## Directions:
Everything in the listing should be transcribed exactly, apart from the pictures.

## Source information:
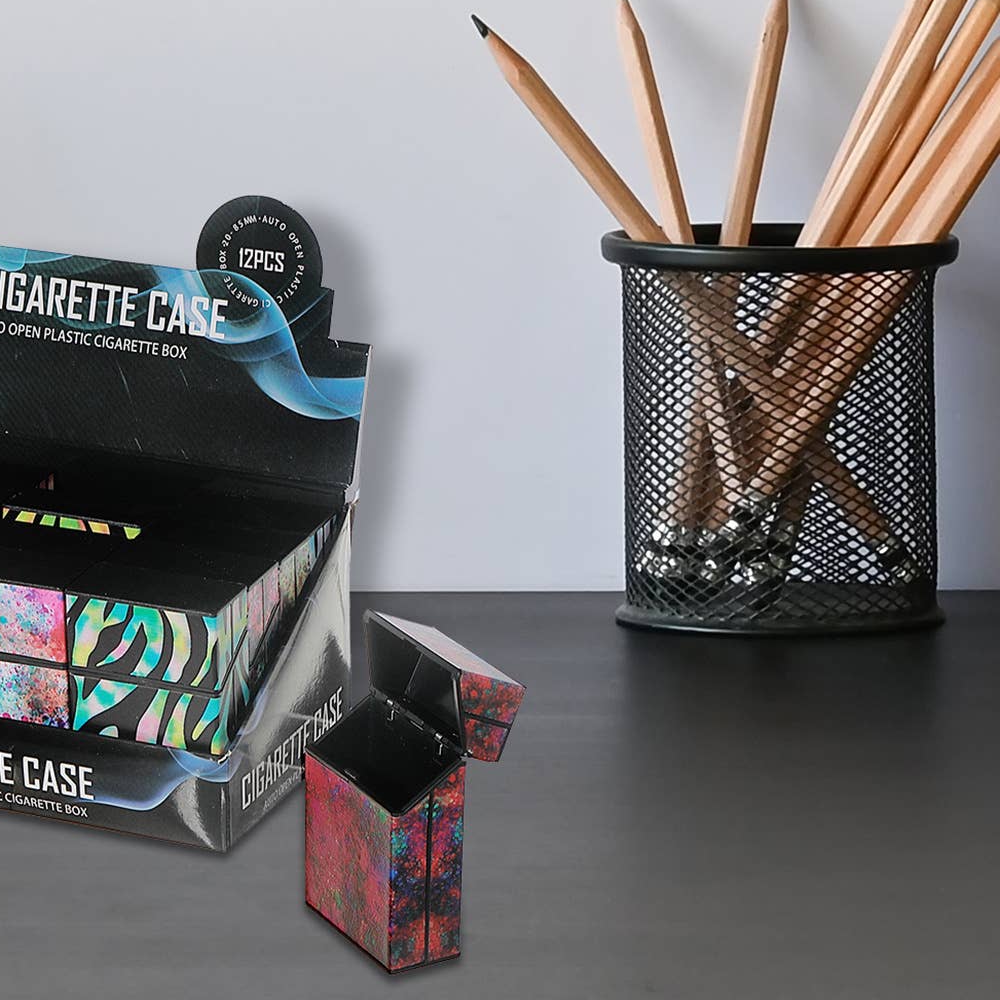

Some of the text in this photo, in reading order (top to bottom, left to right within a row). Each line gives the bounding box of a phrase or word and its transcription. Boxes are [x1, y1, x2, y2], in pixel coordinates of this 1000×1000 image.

[262, 215, 287, 231] AUTO
[218, 250, 228, 270] BOX
[239, 247, 285, 273] 12PCS
[288, 232, 305, 259] OPEN
[223, 275, 271, 308] CIGARETTE
[276, 264, 305, 304] PLASTIC
[146, 290, 229, 340] CASE
[8, 322, 41, 339] OPEN
[43, 328, 92, 347] PLASTIC
[93, 334, 159, 356] CIGARETTE
[161, 345, 188, 360] BOX
[313, 686, 343, 742] CASE
[22, 755, 95, 801] CASE
[4, 792, 63, 814] CIGARETTE
[64, 803, 89, 818] BOX

## Answer box:
Some of the text in this photo, in reading order (top to bottom, left to right within a row). Each line gives the bounding box of a phrase or word and its transcription. Boxes are [x1, y1, x2, y2], in pixel coordinates of this 1000×1000 image.

[262, 215, 287, 231] AUTO
[218, 250, 228, 270] BOX
[239, 247, 285, 273] 12PCS
[288, 232, 305, 259] OPEN
[223, 275, 271, 308] CIGARETTE
[276, 264, 305, 304] PLASTIC
[146, 290, 229, 340] CASE
[8, 322, 41, 339] OPEN
[43, 328, 92, 347] PLASTIC
[93, 334, 159, 356] CIGARETTE
[161, 345, 188, 360] BOX
[313, 686, 343, 742] CASE
[22, 755, 95, 801] CASE
[4, 792, 63, 814] CIGARETTE
[64, 803, 89, 818] BOX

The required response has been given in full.